¿Cómo era santo Tomás? Encuentro un retrato de Aquinas (acuáinas, como le dicen los ingleses) en un libro de Geach y su esposa, la señora Anscombe, me apoyo en él pero quito, añado y cambio según se me va ocurriendo. El retrato es breve, trata de individualizar al personaje, como pedía Schwob, al modo de las vidas breves de John Aubrey.
Nace de familia noble en 1225 en el castillo de Roccasecca. Como Talleyrand fue destinado a carrera eclesiástica por cojear de una pierna. Disponían sus padres que se hiciera monje benedictino y llegara con el tiempo a ser abad de Monte Cassino (donde en la Primera Guerra estuvo preso Wittgenstein). Tomás, sin embargo, ansiaba ingresar en una orden de reciente creación, los dominicos. Los padres raptaron y encerraron al santo en una torre para evitarlo. Dice la tradición que aprovechó esta prisión para aprender de memoria la Biblia.
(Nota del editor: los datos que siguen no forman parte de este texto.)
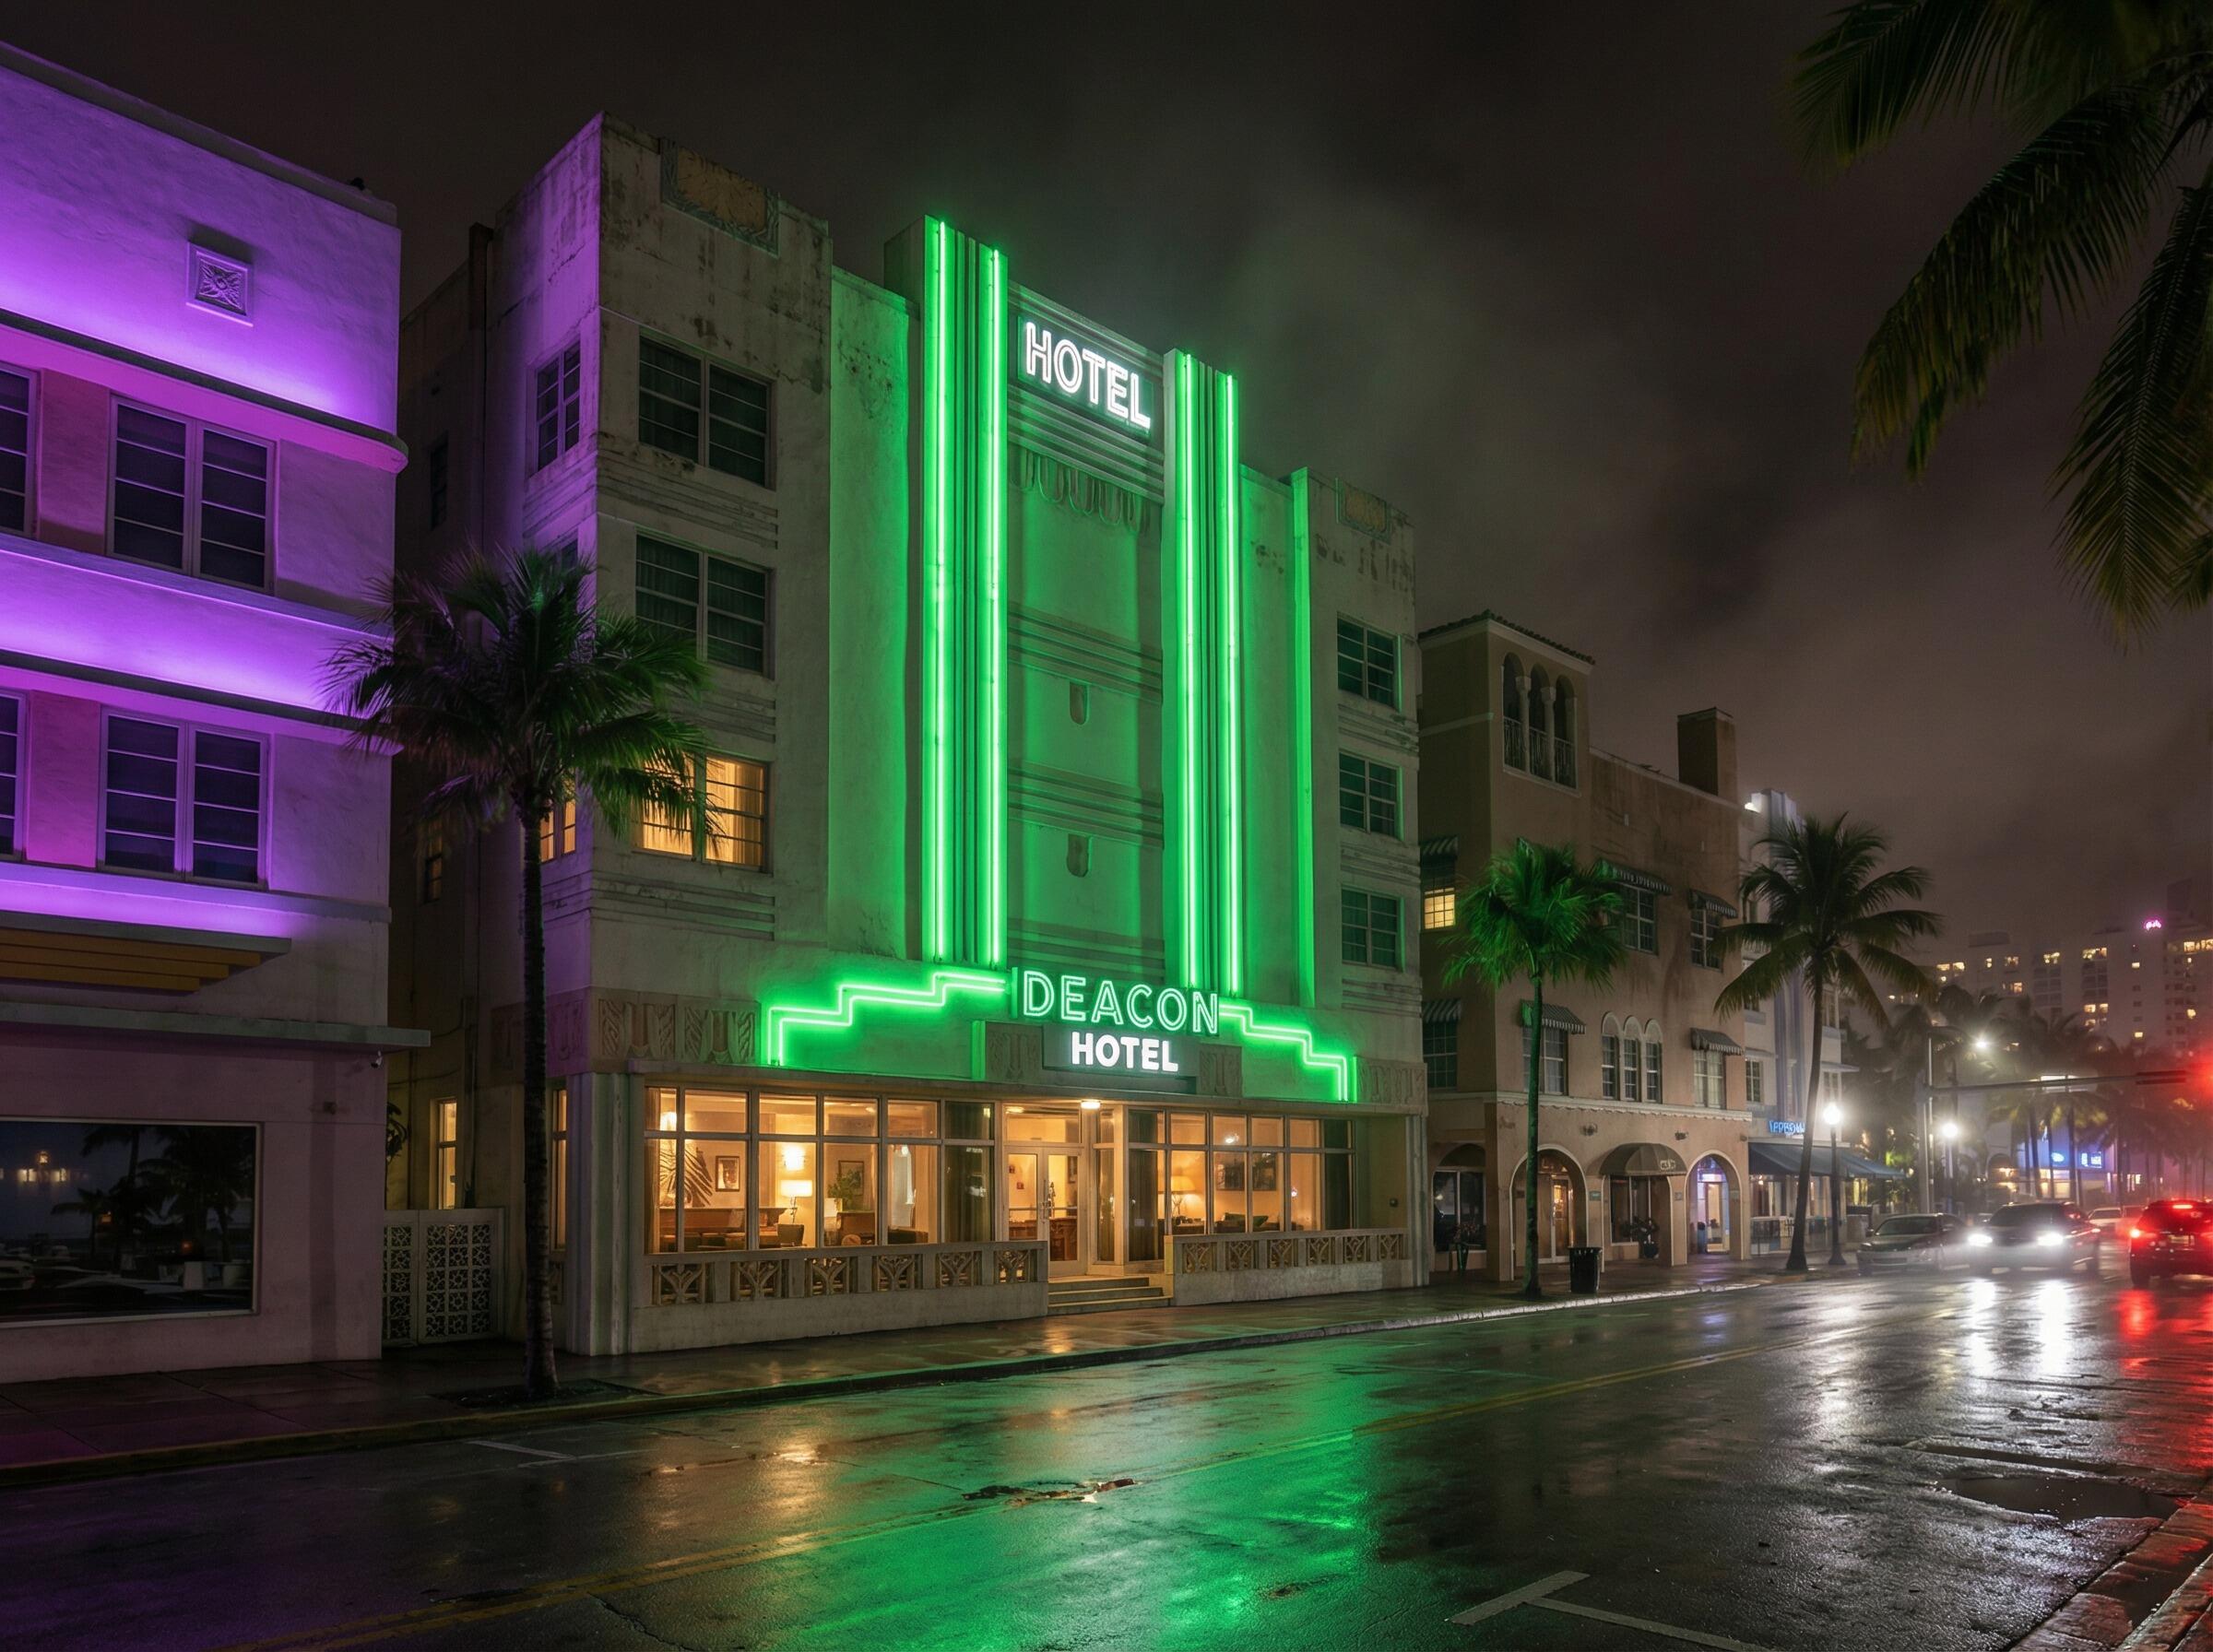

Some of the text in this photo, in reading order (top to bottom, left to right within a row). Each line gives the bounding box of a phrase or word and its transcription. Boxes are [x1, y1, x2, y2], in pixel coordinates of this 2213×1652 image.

Escapó en una canasta con ayuda de sus hermanas.
Estudió filosofía y teología bajo Alberto el Magno, quien no tardó en advertir el genio del muchacho. Muy joven, a los veintiún años, terminó sus estudios. Las órdenes mendicantes estaban proscritas. Tomás viajó a Roma a defender la causa de los hermanos mendicantes ante el papa. San Buenaventura fue con él representando a los franciscanos. No cuesta trabajo entender que un equipo con estos jugadores tuviera éxito.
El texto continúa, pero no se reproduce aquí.